▶ Try it: Below are some entries. Return exactly the lines from the one with "this 1024×1024 image." through the final line, leaving out any pictures.
•••••
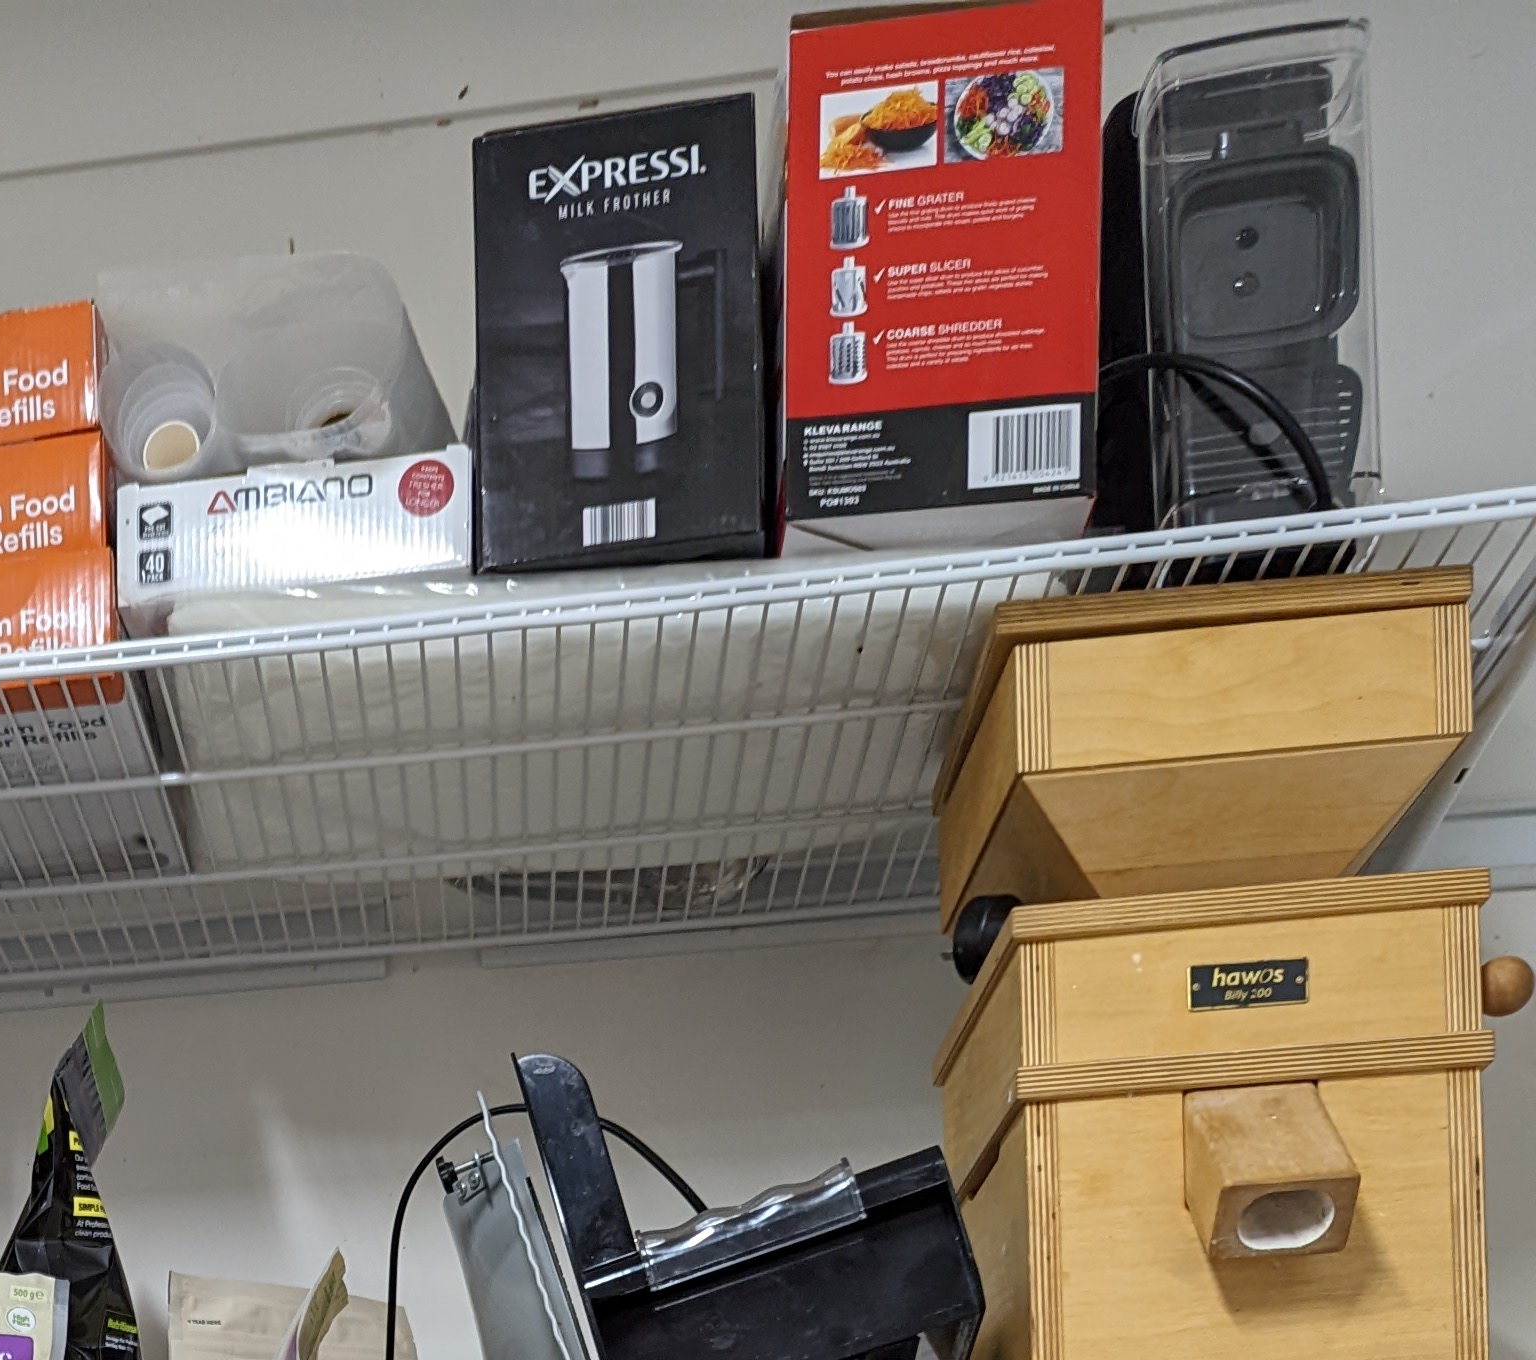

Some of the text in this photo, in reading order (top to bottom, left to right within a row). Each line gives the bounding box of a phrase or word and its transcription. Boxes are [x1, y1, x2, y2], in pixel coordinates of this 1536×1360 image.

[558, 188, 672, 221] MILK FROTHER
[888, 191, 965, 210] FINE GRATER
[887, 258, 972, 278] SUPER SLICER
[886, 318, 1003, 341] COARSE SHREDDER
[3, 359, 70, 393] Food
[10, 485, 76, 521] Food
[206, 474, 374, 516] AMBIANO
[144, 552, 166, 575] 40
[1212, 967, 1286, 988] hawos
[1250, 987, 1273, 999] 200
[14, 1288, 28, 1298] 500
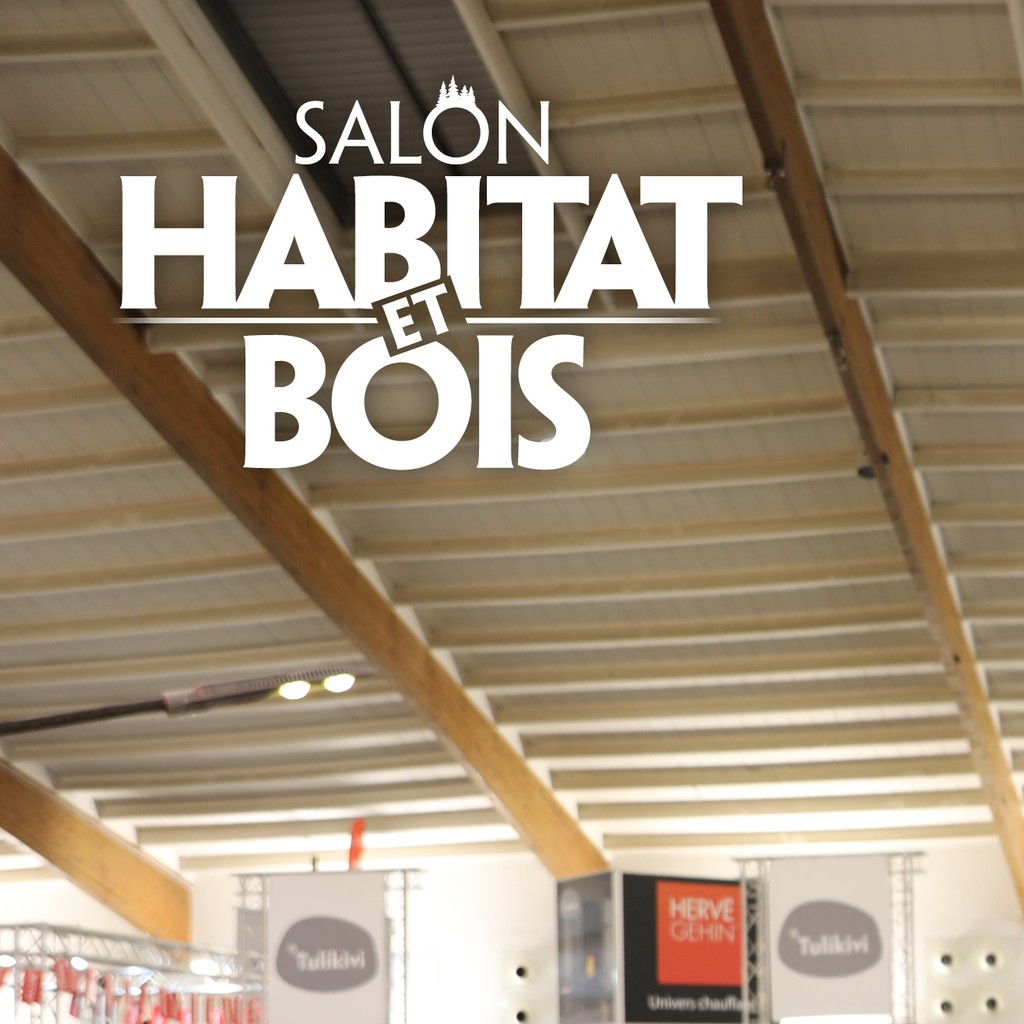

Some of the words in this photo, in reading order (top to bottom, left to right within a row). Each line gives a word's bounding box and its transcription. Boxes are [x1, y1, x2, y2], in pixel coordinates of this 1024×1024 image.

[670, 921, 735, 942] GEHIN
[799, 933, 869, 956] Tulikivi
[296, 948, 366, 971] Tulikivi
[647, 993, 697, 1012] Univers
[698, 994, 747, 1012] chauffa
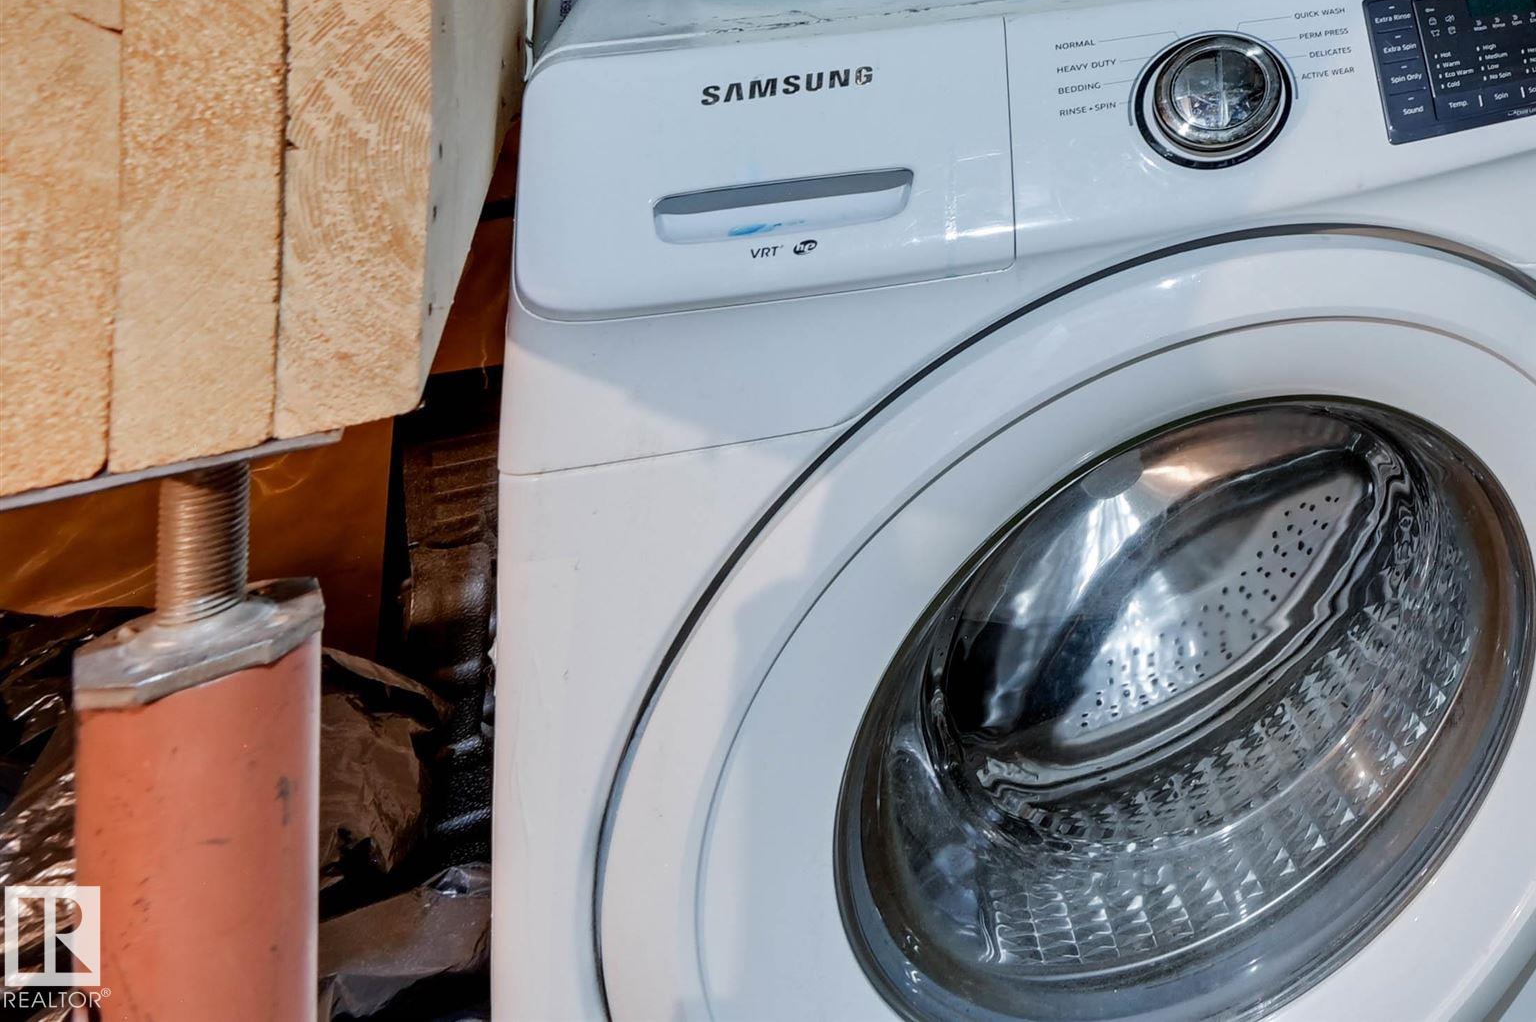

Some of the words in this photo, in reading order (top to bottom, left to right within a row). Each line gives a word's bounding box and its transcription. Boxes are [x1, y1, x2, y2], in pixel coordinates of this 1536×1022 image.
•••••
▶ Solution:
Some of the words in this photo, in reading order (top to bottom, left to right within a row). Each line gives a word's bounding box and its transcription. Boxes are [x1, y1, x2, y2], in pixel coordinates of this 1024×1024 image.

[670, 921, 735, 942] GEHIN
[799, 933, 869, 956] Tulikivi
[296, 948, 366, 971] Tulikivi
[647, 993, 697, 1012] Univers
[698, 994, 747, 1012] chauffa

Some of the words in this photo, in reading order (top to bottom, left to right within a row). Each line gives a word's bounding box and its transcription. Boxes are [x1, y1, x2, y2], in pixel coordinates of this 1536×1022 image.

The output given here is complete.